When AI “thinks” like us
Even though so-called Vision Foundation models, computer models for automated image recognition, have made enormous progress in recent years, they still differ significantly from human visual understanding. For example, they generally do not capture multi-level semantic hierarchies and have difficulty with relationships between semantically related but visually dissimilar objects. In a joint project with Google DeepMind, scientists from TU Berlin, Max-Planck-Institute for Human Cognitive and Brain Sciences, and MPI for Human Development have generated a new approach called ‘AligNet,’ which integrates human semantic structures into neural image processing models for the first time, thereby bringing the visual understanding of computer models closer to that of humans. The results have now been published in the renowned journal Nature under the title ‘Aligning Machine and Human Visual Representations across Abstraction Levels’.

The eyes of AI have become increasingly sophisticated in recent years, but they still cannot match the visual understanding of humans.
Bernstein member involved: Klaus-Robert Müller
The scientists are investigating how visual representations in modern deep neural networks are structured compared to human perception and conceptual knowledge, and how these can be better aligned. Although artificial intelligence (AI) today achieves impressive performance in image processing, machines often generalize less robustly than humans, for instance, when faced with new types of images or unfamiliar relations.
“The central question of our study is: what do modern machine learning systems lack to show human-like behavior, not only in terms of performance, but also in how they organize and form representations?” explains lead author Lukas Muttenthaler, scientist at the MPI CBS, the BIFOLD institute of TU Berlin, and former employee at Google DeepMind.
The researchers show that human knowledge is typically organized hierarchically, from fine-grained distinctions (e.g., “pet dog”) to coarse ones (e.g., “animal”). Machine learning systems, on the other hand, often fail to capture these different levels of abstraction and semantics. To align the models with human conceptual knowledge, the scientists first trained a teacher model to imitate human similarity judgments.
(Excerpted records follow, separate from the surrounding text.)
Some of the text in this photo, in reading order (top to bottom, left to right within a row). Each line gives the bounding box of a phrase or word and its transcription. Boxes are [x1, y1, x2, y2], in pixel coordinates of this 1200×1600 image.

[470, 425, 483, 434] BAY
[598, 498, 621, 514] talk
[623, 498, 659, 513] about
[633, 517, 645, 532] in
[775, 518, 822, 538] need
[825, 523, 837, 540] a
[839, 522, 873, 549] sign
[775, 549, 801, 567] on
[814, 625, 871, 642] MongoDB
This teacher model thus learned a representational structure that can be considered “human-like.” The learned structure was then used to improve already pretrained, high-performing Vision Foundation Models, the so-called student models, through a process called soft alignment. This fine-tuning requires several orders of magnitude less computational cost than retraining the models from scratch.
A crucial step toward interpretable, cognitively grounded AI
The student models were fine-tuned using „AligNet“, a large image dataset synthetically generated through the teacher model that incorporates similarity judgments corresponding to human perceptions. To evaluate the fine-tuned student models, the researchers used a specially collected dataset known as the „Levels“ dataset.
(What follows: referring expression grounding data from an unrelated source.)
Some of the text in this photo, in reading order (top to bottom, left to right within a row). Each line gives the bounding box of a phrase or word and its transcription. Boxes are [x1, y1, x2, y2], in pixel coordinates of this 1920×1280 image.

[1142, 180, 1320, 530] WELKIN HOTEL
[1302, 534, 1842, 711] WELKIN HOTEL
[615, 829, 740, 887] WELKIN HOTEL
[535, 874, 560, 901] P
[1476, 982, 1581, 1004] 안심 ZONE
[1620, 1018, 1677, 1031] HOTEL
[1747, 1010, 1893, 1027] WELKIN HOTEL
“For this dataset, around 500 participants performed an image-similarity task that covered multiple levels of semantic abstraction, from very coarse categorizations to fine-grained distinctions and category boundaries. For each judgment, we recorded both full response distributions and reaction times to capture potential links with human decision uncertainty. The resulting dataset represents a newly established benchmark for human-machine alignment, which we open-scourced,” reports Frieda Born, PhD student at BIFOLD and the MPI for Human Development.
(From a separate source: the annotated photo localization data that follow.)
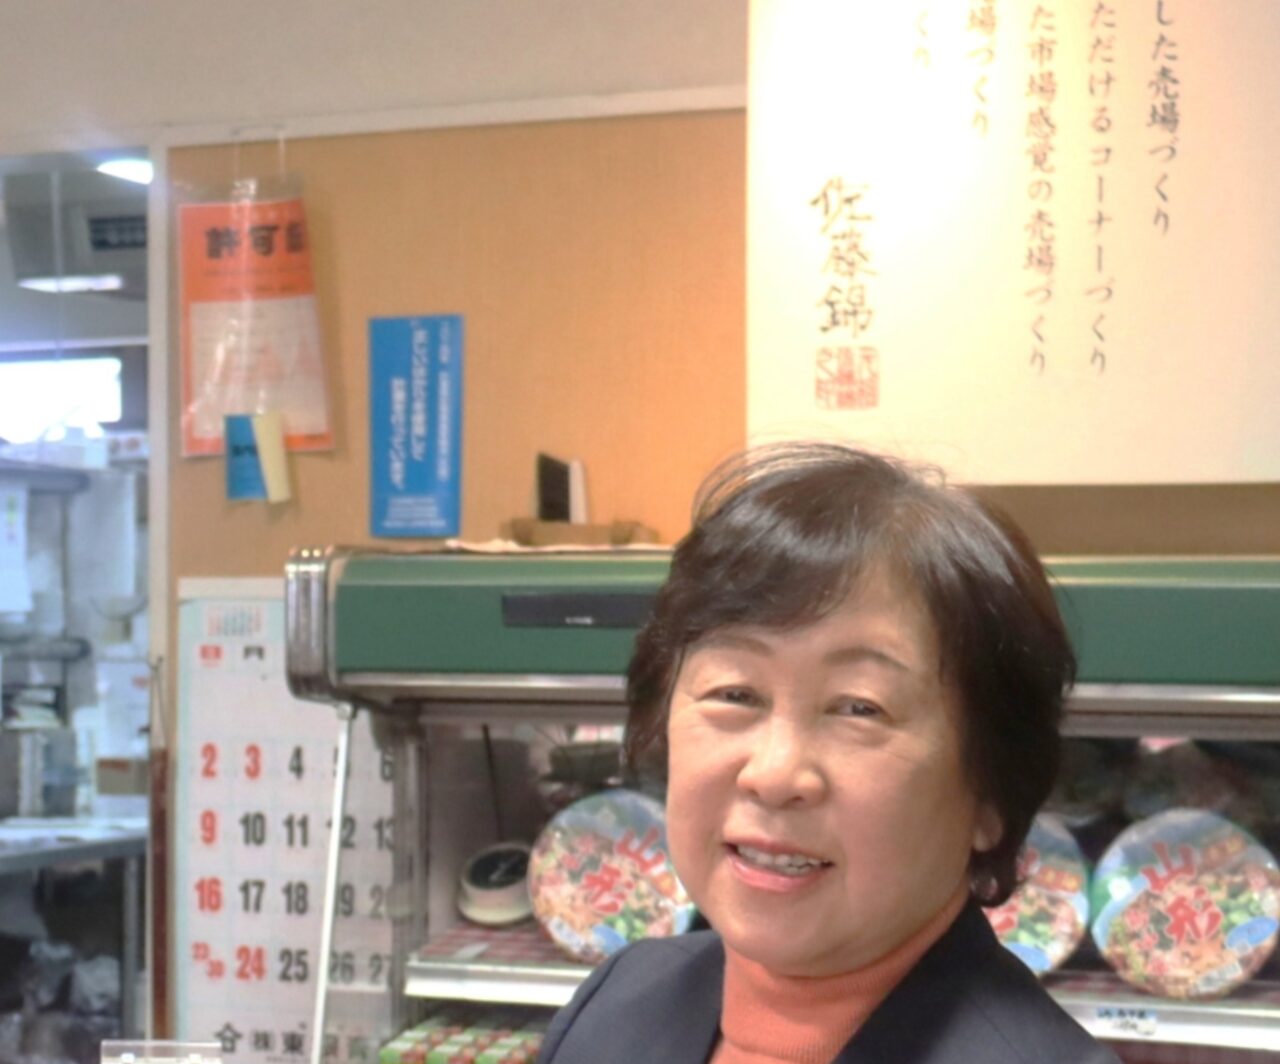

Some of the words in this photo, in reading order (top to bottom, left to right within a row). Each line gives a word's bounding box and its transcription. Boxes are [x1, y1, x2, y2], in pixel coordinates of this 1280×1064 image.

[1023, 4, 1057, 376] た市場感覚の売場づくり
[1084, 2, 1117, 376] ただけるコーナーづくり
[809, 177, 878, 338] 佐藤錦
[201, 744, 217, 779] 2
[245, 745, 261, 779] 3
[288, 746, 304, 780] 4
[200, 810, 216, 845] 9
[239, 812, 265, 846] 10
[283, 815, 310, 848] 11
[195, 877, 222, 911] 16
[239, 880, 265, 914] 17
[282, 882, 309, 915] 18
[235, 945, 266, 981] 24
[279, 948, 309, 983] 25
The models trained with „AligNet“ show significant improvements in alignment with human judgments, including up to a 93.5% relative improvement in coarse semantic evaluations. In some cases, they even surpass the reliability of human ratings. Moreover, these models exhibit no loss in performance; on the contrary, they demonstrate consistent performance increases (25% to 150% relative improvement) across various complex real-world machine learning tasks, all at minimal computational cost.
Klaus-Robert Müller, Co-director at BIFOLD: “Our research methodologically bridges cognitive science (human levels of abstraction) and modern deep-learning practice (Vision Foundation Models), thus forming a link between the concept of representation in humans and in machines. This represents an important step toward more interpretable, cognitively grounded AI.”
AligNet demonstrates that hierarchical conceptual structures can be transferred to neural networks without explicit hierarchical training, with reorganisation visible across network layers. These results suggest that AligNet achieves fundamental improvements in visual representations that better reflect the human level of conceptual understanding, thereby making AI less of a ‘black box’.
Andrew K. Lampinen from Google DeepMind adds: “For the first time, researchers have found an efficient way to teach computer vision models about the hierarchical structure of human conceptual knowledge. We show that this not only makes the representations of these models more human-like, and therefore more interpretable, but also improves their predictive power and robustness across a wide range of vision tasks.”